170713-N-WF272-040 CORAL SEA (July 13, 2017) The amphibious assault ship USS Bonhomme Richard (LHD 6) conducts a large-scale amphibious assault during Talisman Saber 17. Bonhomme Richard, serving in a combined U.S.-Australia-New Zealand amphibious force, executed ship-to-shore movements of 31st Marine Expeditionary Unit (MEU) forces and equipment in order to enable the MEU to complete mission objectives. (U.S. Navy video by Mass Communication Specialist 2nd Class Diana Quinlan/Released)
BHR ESG ships 31st MEU completes Certification Exercise

CORAL SEA – The forward-deployed Bonhomme Richard Expeditionary Strike Group (BHR ESG), with embarked 31st Marine Expeditionary Unit (MEU), completed a certification exercise (CERTEX) Aug. 18.

CERTEX is conducted to evaluate the integration of all elements of the BHR ESG and the 31st MEU, testing their combined ability to plan and execute mission essential tasks.

The Bonhomme Richard ESG consists of the flagship USS Bonhomme Richard (LHD 6), USS Ashland (LSD 48) and USS Green Bay (LPD 20), which are all on patrol off the coast of Australia. CERTEX evolutions took place from August 12-18 following the ESG’s recent completion of Amphibious Integration Training (AIT), which is aimed at integrating the Navy assets into the mission prior to CERTEX.

“AIT was practice, but CERTEX is designed to prove our Sailors and Marines can respond quickly to real world contingencies,” said 2nd Lt. Corey Egler, Assistant Operations Training Officer for Combat Logistics Battalion (CLB) 31. “Sailors and Marines have a symbiotic relationship. Without the blue side, we cannot complete our mission, they allow us to move quickly in and out of various situations whether it be by small boat or craft. This exercise really shows our dedication to the mission and willingness to perform well in critical situations”

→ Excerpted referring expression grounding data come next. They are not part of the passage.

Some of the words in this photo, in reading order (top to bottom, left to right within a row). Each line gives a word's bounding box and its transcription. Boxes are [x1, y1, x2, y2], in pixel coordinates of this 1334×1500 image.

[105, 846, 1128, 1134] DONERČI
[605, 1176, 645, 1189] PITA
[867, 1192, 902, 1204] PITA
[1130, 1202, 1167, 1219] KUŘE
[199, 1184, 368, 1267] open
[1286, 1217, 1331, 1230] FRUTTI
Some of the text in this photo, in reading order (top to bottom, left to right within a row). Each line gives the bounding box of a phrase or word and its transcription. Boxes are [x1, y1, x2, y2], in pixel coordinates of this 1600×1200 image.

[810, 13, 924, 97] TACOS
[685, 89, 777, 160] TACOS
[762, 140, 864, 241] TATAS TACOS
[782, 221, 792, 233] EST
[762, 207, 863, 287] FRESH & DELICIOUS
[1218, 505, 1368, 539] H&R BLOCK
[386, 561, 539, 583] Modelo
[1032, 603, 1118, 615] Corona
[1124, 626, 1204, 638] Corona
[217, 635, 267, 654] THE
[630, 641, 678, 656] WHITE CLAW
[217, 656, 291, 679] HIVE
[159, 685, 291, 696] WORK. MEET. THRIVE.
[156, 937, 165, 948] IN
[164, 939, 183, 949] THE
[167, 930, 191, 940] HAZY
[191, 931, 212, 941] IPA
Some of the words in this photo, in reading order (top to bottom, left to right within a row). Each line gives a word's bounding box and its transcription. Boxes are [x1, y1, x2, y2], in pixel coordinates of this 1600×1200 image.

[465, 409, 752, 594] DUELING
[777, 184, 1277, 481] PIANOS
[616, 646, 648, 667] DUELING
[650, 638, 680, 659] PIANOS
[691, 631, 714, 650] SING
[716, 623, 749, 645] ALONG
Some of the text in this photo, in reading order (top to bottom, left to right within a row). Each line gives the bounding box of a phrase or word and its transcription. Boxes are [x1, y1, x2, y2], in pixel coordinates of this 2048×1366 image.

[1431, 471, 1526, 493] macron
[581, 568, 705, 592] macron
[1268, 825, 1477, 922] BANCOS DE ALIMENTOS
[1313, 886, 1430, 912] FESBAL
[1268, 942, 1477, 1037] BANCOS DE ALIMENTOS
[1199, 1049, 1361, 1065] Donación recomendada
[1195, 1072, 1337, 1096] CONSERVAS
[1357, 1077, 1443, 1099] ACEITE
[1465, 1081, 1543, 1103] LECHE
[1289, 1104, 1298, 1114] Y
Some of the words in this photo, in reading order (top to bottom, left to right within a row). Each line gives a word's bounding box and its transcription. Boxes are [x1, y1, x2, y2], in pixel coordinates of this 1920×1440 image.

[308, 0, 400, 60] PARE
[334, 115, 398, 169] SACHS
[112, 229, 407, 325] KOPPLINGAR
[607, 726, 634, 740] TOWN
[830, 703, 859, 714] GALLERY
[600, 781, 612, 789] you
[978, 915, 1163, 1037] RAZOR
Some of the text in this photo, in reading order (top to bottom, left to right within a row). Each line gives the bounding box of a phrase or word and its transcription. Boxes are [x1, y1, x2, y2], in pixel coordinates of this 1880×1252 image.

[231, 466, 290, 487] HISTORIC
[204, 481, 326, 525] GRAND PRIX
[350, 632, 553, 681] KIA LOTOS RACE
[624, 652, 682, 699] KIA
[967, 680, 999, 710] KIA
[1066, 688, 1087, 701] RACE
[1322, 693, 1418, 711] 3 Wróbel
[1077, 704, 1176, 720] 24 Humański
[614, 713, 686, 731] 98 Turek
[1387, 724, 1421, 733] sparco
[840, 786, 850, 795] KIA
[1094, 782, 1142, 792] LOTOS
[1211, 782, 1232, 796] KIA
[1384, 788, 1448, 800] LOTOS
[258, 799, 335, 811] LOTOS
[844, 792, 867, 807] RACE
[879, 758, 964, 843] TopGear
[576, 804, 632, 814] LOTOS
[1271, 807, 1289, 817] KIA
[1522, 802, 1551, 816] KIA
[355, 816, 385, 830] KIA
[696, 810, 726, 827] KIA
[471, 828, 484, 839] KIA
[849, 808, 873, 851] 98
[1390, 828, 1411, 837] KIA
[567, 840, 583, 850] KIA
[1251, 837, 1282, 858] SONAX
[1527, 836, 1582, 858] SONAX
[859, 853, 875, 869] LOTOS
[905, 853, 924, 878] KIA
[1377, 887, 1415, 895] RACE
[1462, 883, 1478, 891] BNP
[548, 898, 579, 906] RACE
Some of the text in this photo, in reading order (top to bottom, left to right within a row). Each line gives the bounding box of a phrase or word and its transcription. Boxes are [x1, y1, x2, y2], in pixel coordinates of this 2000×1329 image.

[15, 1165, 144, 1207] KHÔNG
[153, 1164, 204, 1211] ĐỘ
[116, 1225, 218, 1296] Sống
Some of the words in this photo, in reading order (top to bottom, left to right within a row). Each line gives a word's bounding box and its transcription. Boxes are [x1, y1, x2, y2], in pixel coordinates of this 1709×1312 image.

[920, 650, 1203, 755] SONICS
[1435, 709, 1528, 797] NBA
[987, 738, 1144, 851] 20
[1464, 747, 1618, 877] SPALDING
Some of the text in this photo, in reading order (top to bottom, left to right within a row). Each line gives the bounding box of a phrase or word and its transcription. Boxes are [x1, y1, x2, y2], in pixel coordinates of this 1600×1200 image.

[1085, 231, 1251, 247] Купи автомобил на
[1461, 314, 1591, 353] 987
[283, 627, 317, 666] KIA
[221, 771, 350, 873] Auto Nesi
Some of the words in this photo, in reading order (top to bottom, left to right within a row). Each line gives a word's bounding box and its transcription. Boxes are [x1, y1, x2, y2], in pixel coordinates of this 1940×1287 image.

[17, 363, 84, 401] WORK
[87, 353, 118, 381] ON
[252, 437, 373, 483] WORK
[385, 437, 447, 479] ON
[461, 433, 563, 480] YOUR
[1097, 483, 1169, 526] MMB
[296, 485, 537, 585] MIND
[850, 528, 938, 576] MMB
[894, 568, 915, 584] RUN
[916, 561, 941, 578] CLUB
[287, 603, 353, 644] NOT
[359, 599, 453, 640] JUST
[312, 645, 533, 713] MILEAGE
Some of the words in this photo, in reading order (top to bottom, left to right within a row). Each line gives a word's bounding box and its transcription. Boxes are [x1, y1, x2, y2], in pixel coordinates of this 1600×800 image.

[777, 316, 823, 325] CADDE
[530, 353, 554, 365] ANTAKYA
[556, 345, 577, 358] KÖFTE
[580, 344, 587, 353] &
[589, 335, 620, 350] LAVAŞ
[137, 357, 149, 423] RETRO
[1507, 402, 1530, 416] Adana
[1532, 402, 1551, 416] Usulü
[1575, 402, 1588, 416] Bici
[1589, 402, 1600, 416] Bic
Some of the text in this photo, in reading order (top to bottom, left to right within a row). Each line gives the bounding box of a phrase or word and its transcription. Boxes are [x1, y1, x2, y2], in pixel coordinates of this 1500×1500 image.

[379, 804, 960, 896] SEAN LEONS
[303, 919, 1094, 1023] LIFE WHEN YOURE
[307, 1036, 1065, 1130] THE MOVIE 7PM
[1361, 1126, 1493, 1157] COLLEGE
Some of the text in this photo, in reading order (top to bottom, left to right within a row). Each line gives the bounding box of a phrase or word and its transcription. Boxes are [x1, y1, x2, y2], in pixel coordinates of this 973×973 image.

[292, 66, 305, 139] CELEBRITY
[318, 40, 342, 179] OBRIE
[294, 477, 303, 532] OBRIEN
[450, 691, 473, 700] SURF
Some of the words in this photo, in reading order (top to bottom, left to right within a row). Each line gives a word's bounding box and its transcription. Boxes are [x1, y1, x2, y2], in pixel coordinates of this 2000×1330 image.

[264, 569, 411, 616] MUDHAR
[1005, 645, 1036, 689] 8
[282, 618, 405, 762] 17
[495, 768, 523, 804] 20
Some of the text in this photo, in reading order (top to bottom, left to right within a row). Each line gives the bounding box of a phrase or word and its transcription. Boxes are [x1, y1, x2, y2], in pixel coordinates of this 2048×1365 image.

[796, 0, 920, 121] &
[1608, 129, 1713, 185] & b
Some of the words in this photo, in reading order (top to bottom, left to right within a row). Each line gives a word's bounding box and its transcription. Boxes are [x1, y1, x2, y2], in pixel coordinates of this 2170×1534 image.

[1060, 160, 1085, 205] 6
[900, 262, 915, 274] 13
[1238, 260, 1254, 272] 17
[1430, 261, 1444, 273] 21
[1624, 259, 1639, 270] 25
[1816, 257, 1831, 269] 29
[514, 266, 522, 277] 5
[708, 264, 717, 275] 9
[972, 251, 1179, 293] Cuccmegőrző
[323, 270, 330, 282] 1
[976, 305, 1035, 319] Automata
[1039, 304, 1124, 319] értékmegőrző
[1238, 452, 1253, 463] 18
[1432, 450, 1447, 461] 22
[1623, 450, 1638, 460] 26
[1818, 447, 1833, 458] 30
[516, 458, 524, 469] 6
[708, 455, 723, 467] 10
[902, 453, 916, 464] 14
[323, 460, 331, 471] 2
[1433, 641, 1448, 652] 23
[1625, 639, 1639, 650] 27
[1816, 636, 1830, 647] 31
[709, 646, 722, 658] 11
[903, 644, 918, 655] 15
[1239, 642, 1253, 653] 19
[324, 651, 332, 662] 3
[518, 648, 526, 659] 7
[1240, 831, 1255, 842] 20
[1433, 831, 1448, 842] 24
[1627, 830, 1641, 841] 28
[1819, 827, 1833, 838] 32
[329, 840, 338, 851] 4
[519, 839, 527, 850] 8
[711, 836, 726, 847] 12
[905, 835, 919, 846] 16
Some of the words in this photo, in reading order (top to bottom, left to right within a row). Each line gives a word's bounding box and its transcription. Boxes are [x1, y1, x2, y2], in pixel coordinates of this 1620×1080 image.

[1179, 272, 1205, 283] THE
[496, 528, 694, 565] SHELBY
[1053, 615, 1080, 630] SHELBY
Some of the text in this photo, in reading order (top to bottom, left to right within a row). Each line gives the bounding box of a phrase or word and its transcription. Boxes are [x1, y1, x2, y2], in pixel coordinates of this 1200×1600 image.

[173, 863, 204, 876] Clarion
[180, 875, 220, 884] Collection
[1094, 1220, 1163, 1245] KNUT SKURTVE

During CERTEX the BHR ESG and MEU team successfully executed mock contingency missions that include fast logistics planning, ship-to-shore movement, non-combatant evacuation operations (NEO), humanitarian aid and disaster relief (HADR) exercises, mechanized raids, visit, board, search and seizure (VBSS), Chemical Biological Radiological (CBR) drills, and flight operations in support of the exercise.

“Readiness is key in any contingency and our Sailors and Marines have proven to be a ready asset to ensure peace and stability in the Indo-Asia-Pacific region” said Capt. George Doyon, commodore, Amphibious Squadron 11. “This exercise helped ensure that our Navy-Marine Corps team retains the flexibility and capabilities needed to support U.S. objectives in a crisis of natural or man-made origin. Whether it be humanitarian assistance for an earthquake or typhoon, or an amphibious raid to achieve a single objective, this is our chance to use our Navy-Marine corps team to prove that we can quickly and effectively deploy to any location and accomplish our mission.”

CERTEX evolutions are specifically designed to prove that both branches can simultaneously conduct mission sets across a range of amphibious operations that include launching and recovering landing craft air cushions, landing craft utilities, and MV-22B Ospreys, and provide a platform for care of stranded personnel and casualties during a simulated evacuation drills.

Bonhomme Richard Expeditionary Strike Group, with embarked 31st Marine Expeditionary Unit, is on a routine patrol operating in the Indo-Asia-Pacific region to enhance warfighting readiness and posture forward as a ready-response force for any type of contingency.